American Indians and Alaska Natives receiving services through IHS programs or at IHS
facilities may not be charged premiums, cost-sharing or similar charges in Medicaid. PPACA also
prohibits cost-sharing for American Indians and Alaska Natives enrolled in a qualified health plan
offered through the newly established exchanges. American Indians and Alaska Natives are not
charged for services provided by IHS, an IT, or a TO.48 Given this, there may be few incentives to
enroll in a private health insurance plan that charges premiums or copayments. This exclusion
should facilitate American Indian and Alaska Native enrollment in private health insurance
offered through the exchanges.49
Establishment of Center for Medicare and Medicaid Innovation within CMS
(P.L. 111-148: §3021 as modified by §10306)
Under Medicaid and Medicaid law, the Secretary has broad authority to develop research and
demonstration projects that test new approaches to paying providers, deliver health care services,
or provide benefits to Medicare and Medicaid beneficiaries. This section of PPACA requires the
Secretary to establish a CMI within CMS by January 1, 2011. The CMI is to test innovative
payment and service delivery models to reduce Medicare, Medicaid, and CHIP program
expenditures, while preserving or enhancing the quality of care furnished to beneficiaries.
The Secretary is required to identify and select payment and service delivery models that also
improve the coordination, quality, and efficiency of health care services. In addition, the Secretary
is required to select models that address a defined population for which there are deficits in care
leading to poor clinical outcomes, and may include models which allow states to test and evaluate
fully integrating care for beneficiaries eligible for both Medicare and Medicaid (dual eligibles),
including the management and oversight of all funds, as well as to test and evaluate all-payer
payment systems that include dual eligibles. Under PPACA, the Secretary has authority to limit
the testing of models to selected geographic areas.

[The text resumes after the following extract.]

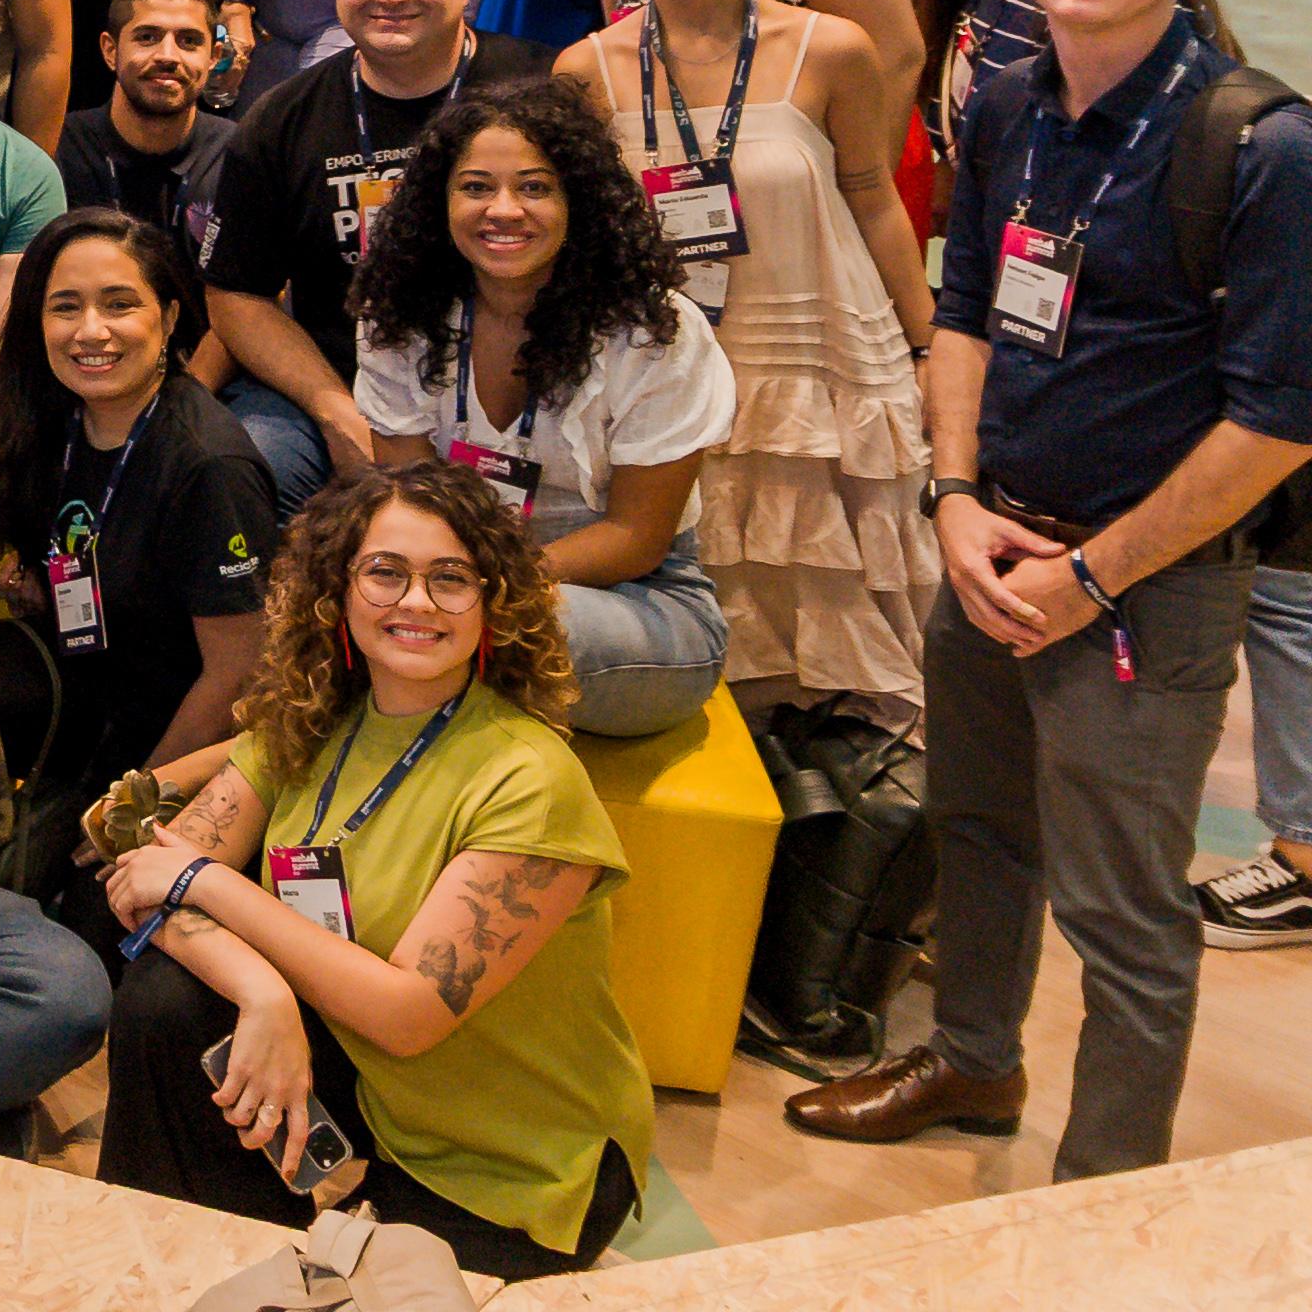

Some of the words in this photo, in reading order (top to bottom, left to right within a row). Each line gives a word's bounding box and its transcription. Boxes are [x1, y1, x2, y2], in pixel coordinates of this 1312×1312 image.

[325, 146, 421, 170] EMPOERING
[676, 240, 728, 257] PARTNER
[67, 633, 95, 648] PARTNER

Further, the Secretary is required to conduct an evaluation of each model tested, and make the
results of these evaluations available publicly. PPACA authorizes an appropriation of $5 million
for the design, implementation, and evaluation of models for FY2010; $10 billion for FY2011

47 U.S. Government Accountability Office, Medicare and Medicaid: CMS and State Efforts to Interact with the Indian
Health Service and Indian Tribes
, 08-724, July 11, 2008.
48 Ibid. UIOs may charge copayments, and PPACA permits ITs and TOs to charge some copayments. See Indian
Health Care Improvement Act Provisions in the Patient Protection and Affordable Care Act (P.L. 111-148)
, by Elayne
J. Heisler and Roger Walke.
49 See CRS Report R40942, Private Health Insurance Provisions in the Patient Protection and Affordable Care Act
(PPACA)
, by Hinda Chaikind et al., for description of the exchanges.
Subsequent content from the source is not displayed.